ACTION ITEM - All of the data must be output exactly, with every picture left out.

Records from a collection:

>>>

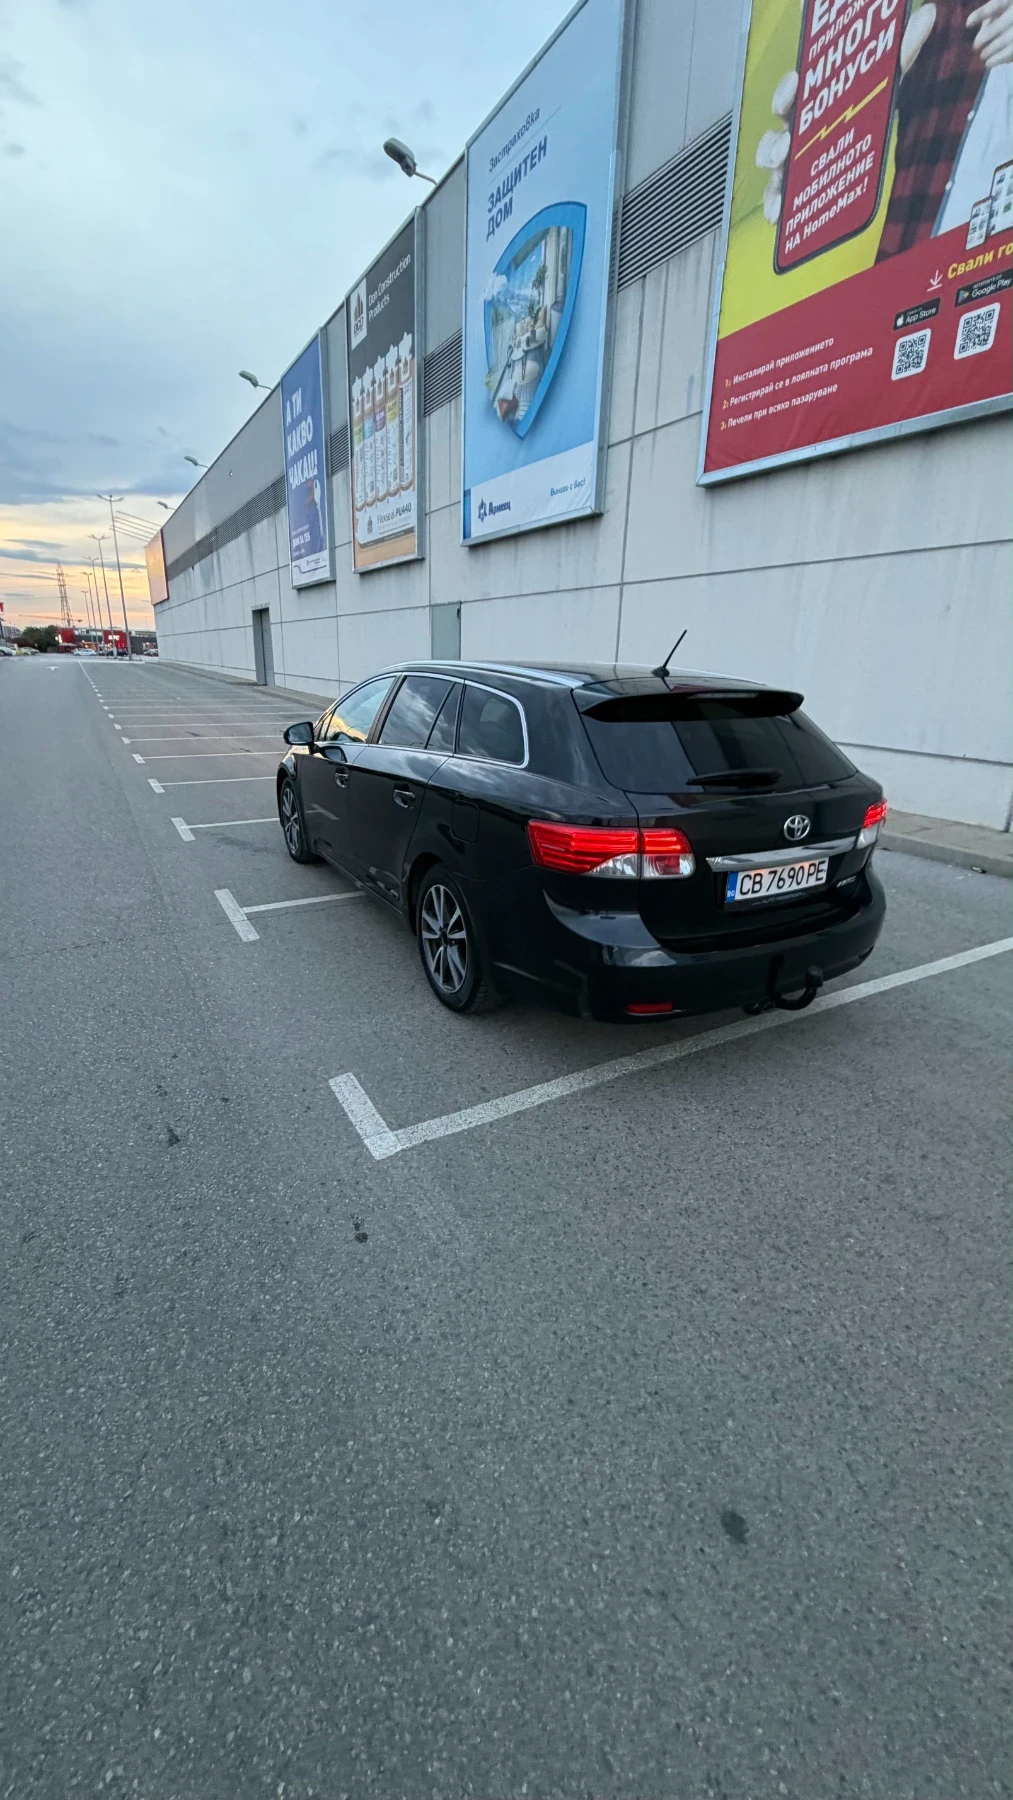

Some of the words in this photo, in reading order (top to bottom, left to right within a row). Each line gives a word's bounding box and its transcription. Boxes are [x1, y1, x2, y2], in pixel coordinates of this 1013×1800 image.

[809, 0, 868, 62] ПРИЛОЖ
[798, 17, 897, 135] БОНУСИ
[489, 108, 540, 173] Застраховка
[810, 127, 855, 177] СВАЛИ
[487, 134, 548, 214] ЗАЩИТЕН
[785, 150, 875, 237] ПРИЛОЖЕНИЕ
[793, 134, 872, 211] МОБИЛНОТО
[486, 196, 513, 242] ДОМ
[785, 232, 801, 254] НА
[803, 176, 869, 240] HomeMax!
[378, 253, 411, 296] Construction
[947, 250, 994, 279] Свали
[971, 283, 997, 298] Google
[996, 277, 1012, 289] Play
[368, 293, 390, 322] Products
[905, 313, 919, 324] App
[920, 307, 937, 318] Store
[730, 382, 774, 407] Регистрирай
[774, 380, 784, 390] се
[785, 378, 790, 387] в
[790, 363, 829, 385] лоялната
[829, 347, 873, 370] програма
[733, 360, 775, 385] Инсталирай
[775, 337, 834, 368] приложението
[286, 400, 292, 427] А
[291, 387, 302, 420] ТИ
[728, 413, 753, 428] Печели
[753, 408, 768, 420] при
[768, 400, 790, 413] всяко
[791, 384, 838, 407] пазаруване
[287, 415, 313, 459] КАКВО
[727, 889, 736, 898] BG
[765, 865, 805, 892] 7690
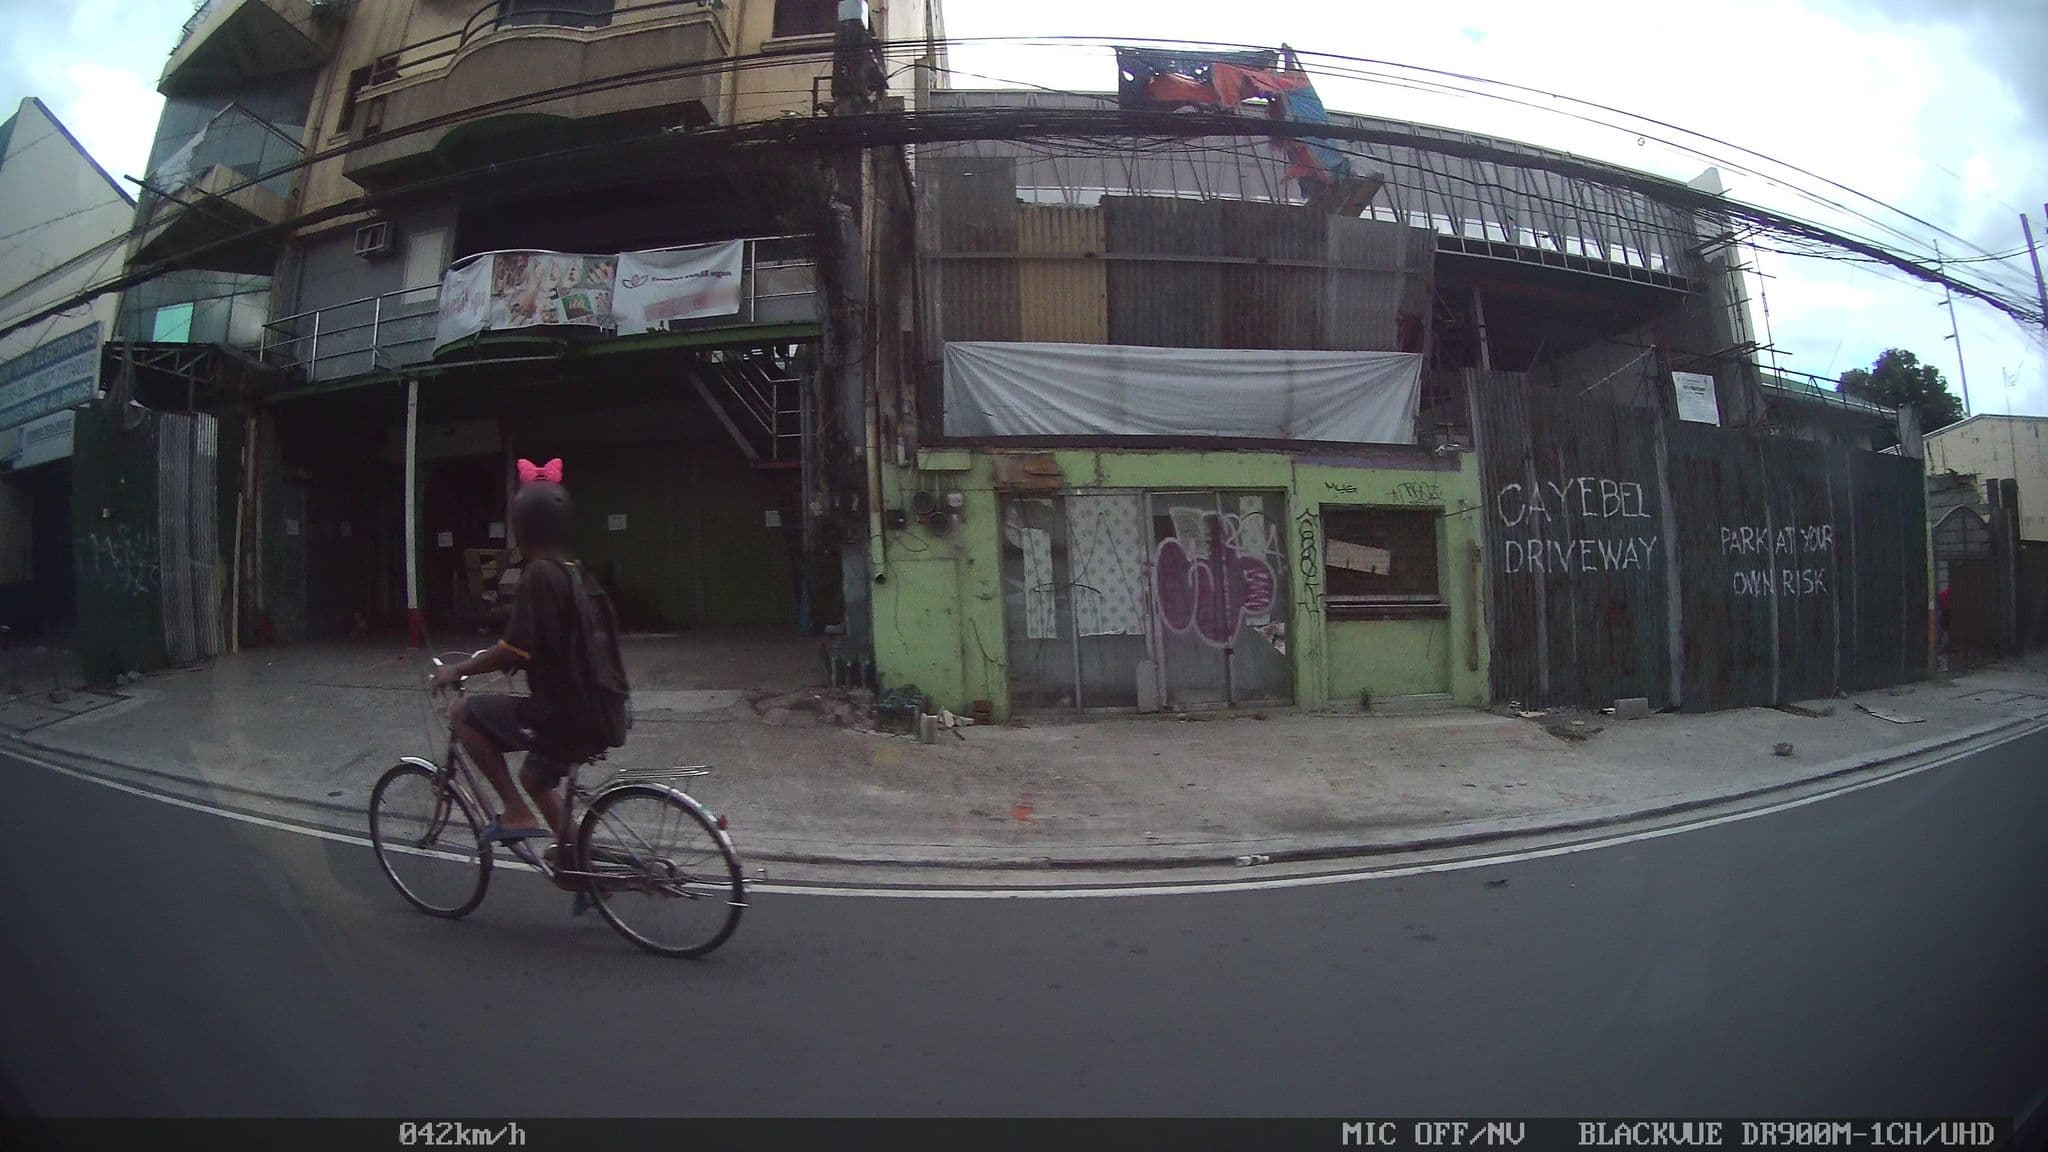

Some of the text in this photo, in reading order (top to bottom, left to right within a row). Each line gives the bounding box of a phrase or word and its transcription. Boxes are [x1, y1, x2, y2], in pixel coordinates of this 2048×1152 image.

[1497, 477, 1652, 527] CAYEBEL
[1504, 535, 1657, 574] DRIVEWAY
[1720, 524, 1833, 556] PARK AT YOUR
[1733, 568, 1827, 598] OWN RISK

<<<

RESPONSE TO THE TASK -
Some of the words in this photo, in reading order (top to bottom, left to right within a row). Each line gives a word's bounding box and its transcription. Boxes are [x1, y1, x2, y2], in pixel coordinates of this 1013×1800 image.

[809, 0, 868, 62] ПРИЛОЖ
[798, 17, 897, 135] БОНУСИ
[489, 108, 540, 173] Застраховка
[810, 127, 855, 177] СВАЛИ
[487, 134, 548, 214] ЗАЩИТЕН
[785, 150, 875, 237] ПРИЛОЖЕНИЕ
[793, 134, 872, 211] МОБИЛНОТО
[486, 196, 513, 242] ДОМ
[785, 232, 801, 254] НА
[803, 176, 869, 240] HomeMax!
[378, 253, 411, 296] Construction
[947, 250, 994, 279] Свали
[971, 283, 997, 298] Google
[996, 277, 1012, 289] Play
[368, 293, 390, 322] Products
[905, 313, 919, 324] App
[920, 307, 937, 318] Store
[730, 382, 774, 407] Регистрирай
[774, 380, 784, 390] се
[785, 378, 790, 387] в
[790, 363, 829, 385] лоялната
[829, 347, 873, 370] програма
[733, 360, 775, 385] Инсталирай
[775, 337, 834, 368] приложението
[286, 400, 292, 427] А
[291, 387, 302, 420] ТИ
[728, 413, 753, 428] Печели
[753, 408, 768, 420] при
[768, 400, 790, 413] всяко
[791, 384, 838, 407] пазаруване
[287, 415, 313, 459] КАКВО
[727, 889, 736, 898] BG
[765, 865, 805, 892] 7690

Some of the text in this photo, in reading order (top to bottom, left to right within a row). Each line gives the bounding box of a phrase or word and its transcription. Boxes are [x1, y1, x2, y2], in pixel coordinates of this 2048×1152 image.

[1497, 477, 1652, 527] CAYEBEL
[1504, 535, 1657, 574] DRIVEWAY
[1720, 524, 1833, 556] PARK AT YOUR
[1733, 568, 1827, 598] OWN RISK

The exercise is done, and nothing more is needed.